(Saved data entries)
**********
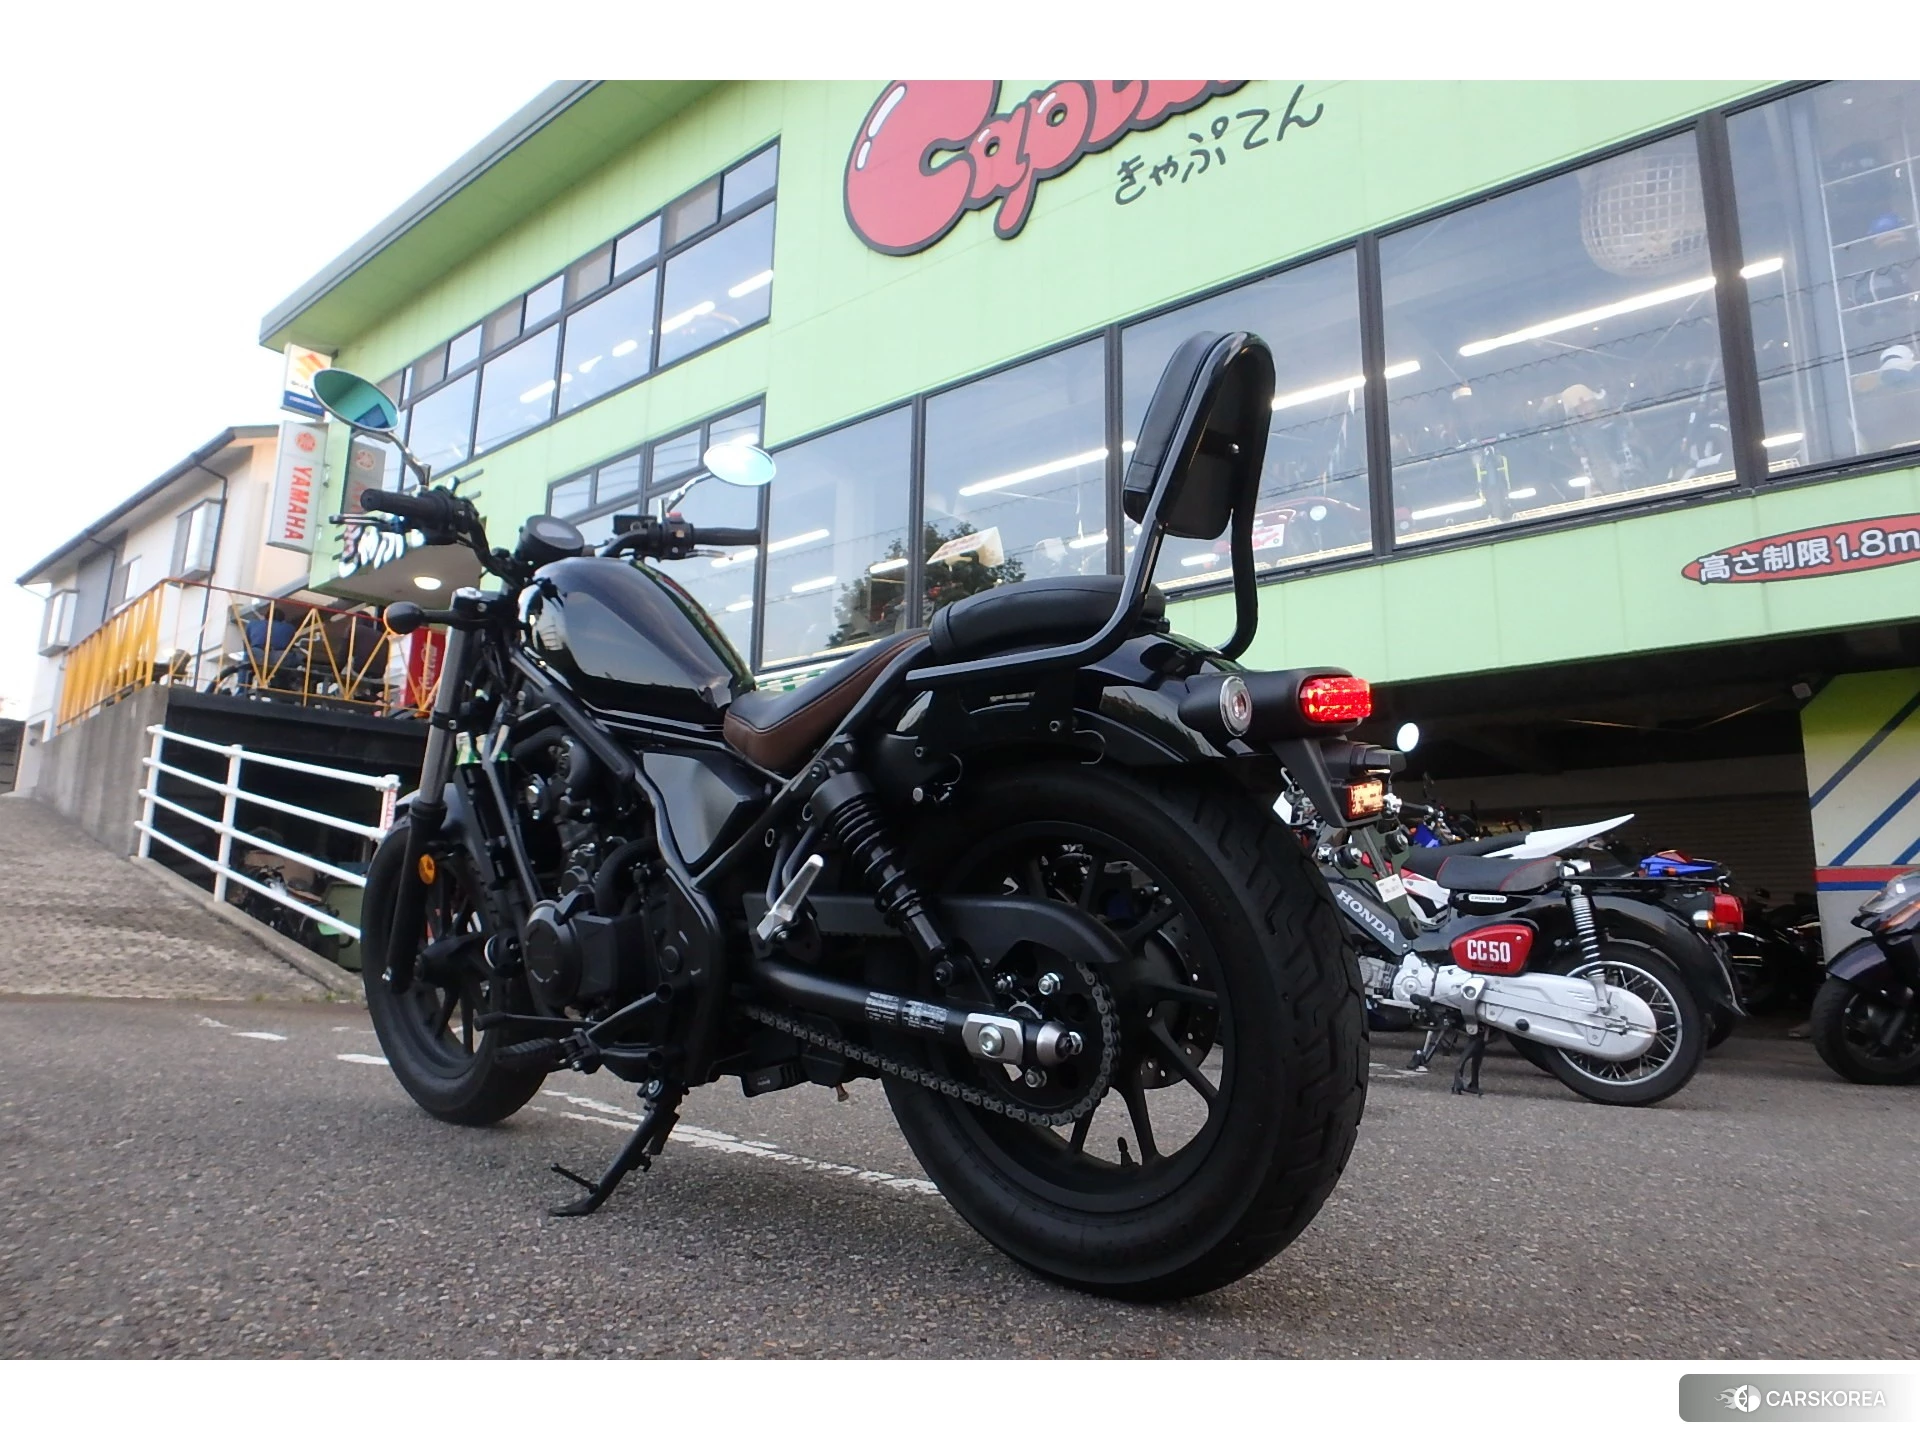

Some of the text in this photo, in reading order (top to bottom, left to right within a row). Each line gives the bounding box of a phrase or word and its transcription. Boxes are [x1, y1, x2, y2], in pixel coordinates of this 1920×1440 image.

[1115, 84, 1323, 205] きゃぷてん
[284, 466, 312, 540] YAMAHA
[1336, 889, 1395, 944] HONDA
[1467, 939, 1511, 963] CC50
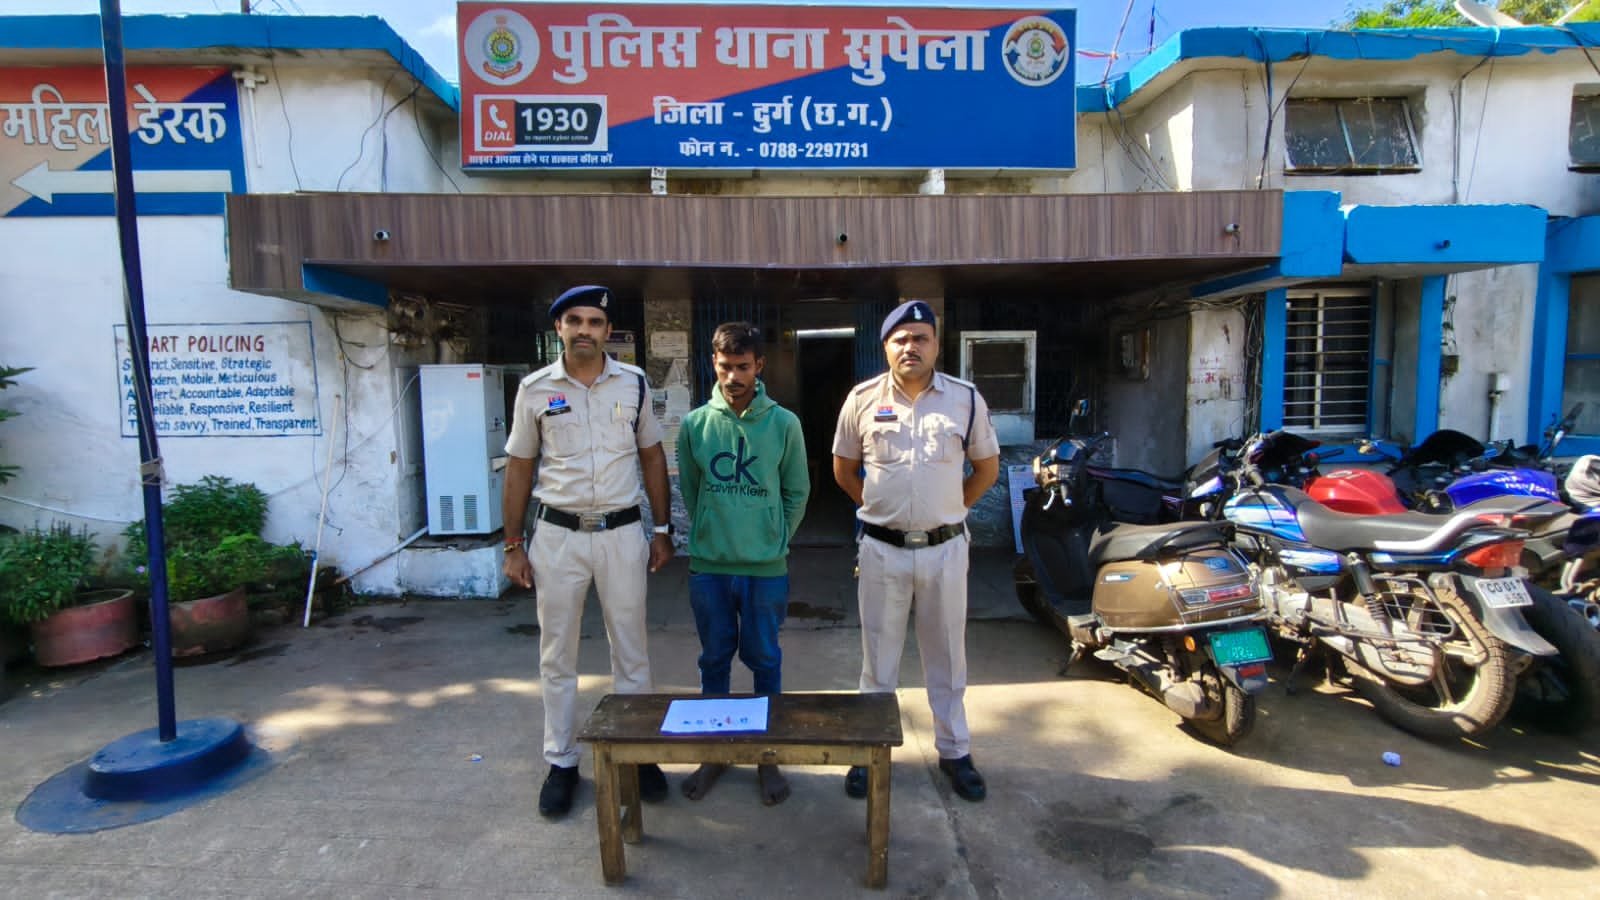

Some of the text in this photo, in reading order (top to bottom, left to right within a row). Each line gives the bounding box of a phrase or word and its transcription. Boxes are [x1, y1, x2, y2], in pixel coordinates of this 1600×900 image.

[548, 12, 990, 86] पुलिस थाना सुपेला
[0, 83, 227, 150] महिल डेस्क
[521, 108, 588, 132] 1930
[652, 95, 726, 125] जिला
[751, 95, 793, 133] दुर्ग
[800, 96, 893, 132] (छ.ग.)
[484, 131, 512, 141] DIAL
[679, 137, 716, 157] फोन
[720, 140, 740, 157] न.
[759, 142, 869, 158] 0788-2297731
[188, 335, 265, 353] POLICING
[221, 356, 272, 371] Strategic
[151, 375, 179, 387] odern,
[218, 373, 277, 384] Meticulous
[154, 388, 178, 401] lert,
[245, 385, 295, 398] Adaptable
[153, 402, 188, 416] eliable,
[249, 400, 295, 413] Resilient
[255, 417, 318, 433] Transparent
[710, 436, 759, 486] ck
[740, 484, 768, 497] Klein
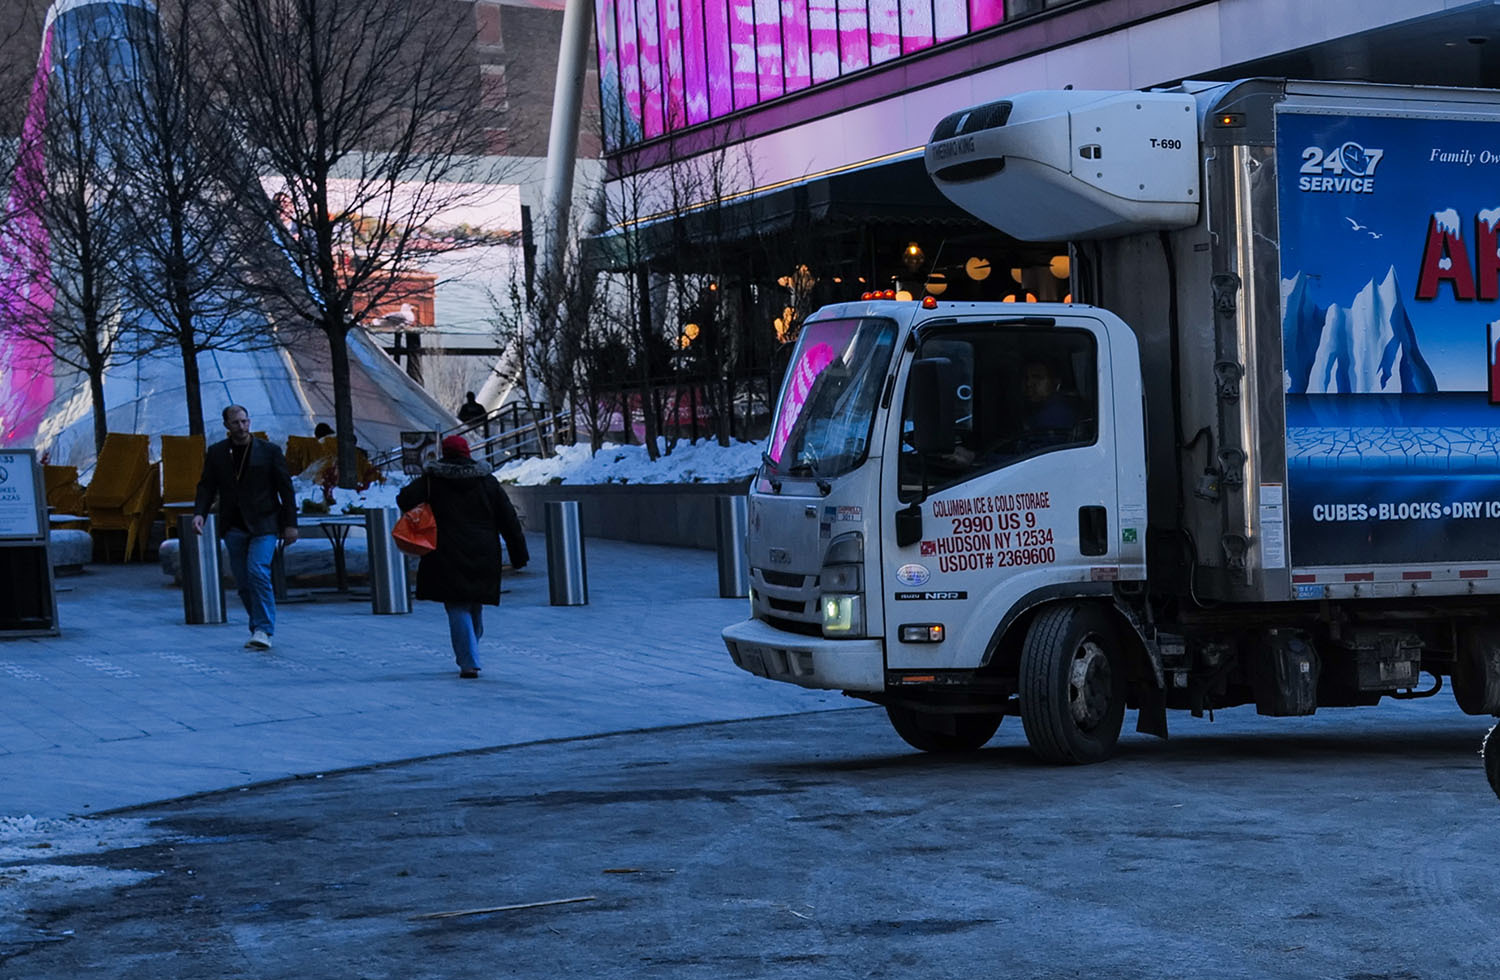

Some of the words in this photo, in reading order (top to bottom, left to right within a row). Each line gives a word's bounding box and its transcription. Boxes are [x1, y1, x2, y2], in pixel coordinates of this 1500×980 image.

[1149, 138, 1182, 151] T-690
[1429, 148, 1476, 166] Family
[1299, 177, 1375, 193] SERVICE
[933, 498, 972, 518] COLUMBIA
[973, 497, 986, 515] ICE
[988, 497, 994, 513] &
[995, 495, 1015, 513] COLD
[1016, 491, 1050, 511] STORAGE
[1312, 503, 1368, 522] CUBES
[1379, 502, 1441, 521] BLOCKS
[1452, 501, 1483, 519] DRY
[952, 516, 993, 535] 2990
[999, 513, 1021, 530] US
[1025, 512, 1036, 528] 9
[937, 534, 991, 554] HUDSON
[994, 532, 1011, 550] NY
[1017, 528, 1054, 547] 12534
[939, 552, 994, 574] USDOT#
[998, 547, 1056, 568] 2369600
**********
Images stay out, but the rest of the records must be retyped exactly.

**Exercise response**
Some of the text in this photo, in reading order (top to bottom, left to right within a row). Each line gives the bounding box of a phrase or word and its transcription. Boxes are [x1, y1, x2, y2], in pixel coordinates of this 1920×1440 image.

[1115, 84, 1323, 205] きゃぷてん
[284, 466, 312, 540] YAMAHA
[1336, 889, 1395, 944] HONDA
[1467, 939, 1511, 963] CC50

Some of the text in this photo, in reading order (top to bottom, left to right within a row). Each line gives the bounding box of a phrase or word and its transcription. Boxes are [x1, y1, x2, y2], in pixel coordinates of this 1600×900 image.

[548, 12, 990, 86] पुलिस थाना सुपेला
[0, 83, 227, 150] महिल डेस्क
[521, 108, 588, 132] 1930
[652, 95, 726, 125] जिला
[751, 95, 793, 133] दुर्ग
[800, 96, 893, 132] (छ.ग.)
[484, 131, 512, 141] DIAL
[679, 137, 716, 157] फोन
[720, 140, 740, 157] न.
[759, 142, 869, 158] 0788-2297731
[188, 335, 265, 353] POLICING
[221, 356, 272, 371] Strategic
[151, 375, 179, 387] odern,
[218, 373, 277, 384] Meticulous
[154, 388, 178, 401] lert,
[245, 385, 295, 398] Adaptable
[153, 402, 188, 416] eliable,
[249, 400, 295, 413] Resilient
[255, 417, 318, 433] Transparent
[710, 436, 759, 486] ck
[740, 484, 768, 497] Klein

Some of the words in this photo, in reading order (top to bottom, left to right within a row). Each line gives a word's bounding box and its transcription. Boxes are [x1, y1, x2, y2], in pixel coordinates of this 1500×980 image.

[1149, 138, 1182, 151] T-690
[1429, 148, 1476, 166] Family
[1299, 177, 1375, 193] SERVICE
[933, 498, 972, 518] COLUMBIA
[973, 497, 986, 515] ICE
[988, 497, 994, 513] &
[995, 495, 1015, 513] COLD
[1016, 491, 1050, 511] STORAGE
[1312, 503, 1368, 522] CUBES
[1379, 502, 1441, 521] BLOCKS
[1452, 501, 1483, 519] DRY
[952, 516, 993, 535] 2990
[999, 513, 1021, 530] US
[1025, 512, 1036, 528] 9
[937, 534, 991, 554] HUDSON
[994, 532, 1011, 550] NY
[1017, 528, 1054, 547] 12534
[939, 552, 994, 574] USDOT#
[998, 547, 1056, 568] 2369600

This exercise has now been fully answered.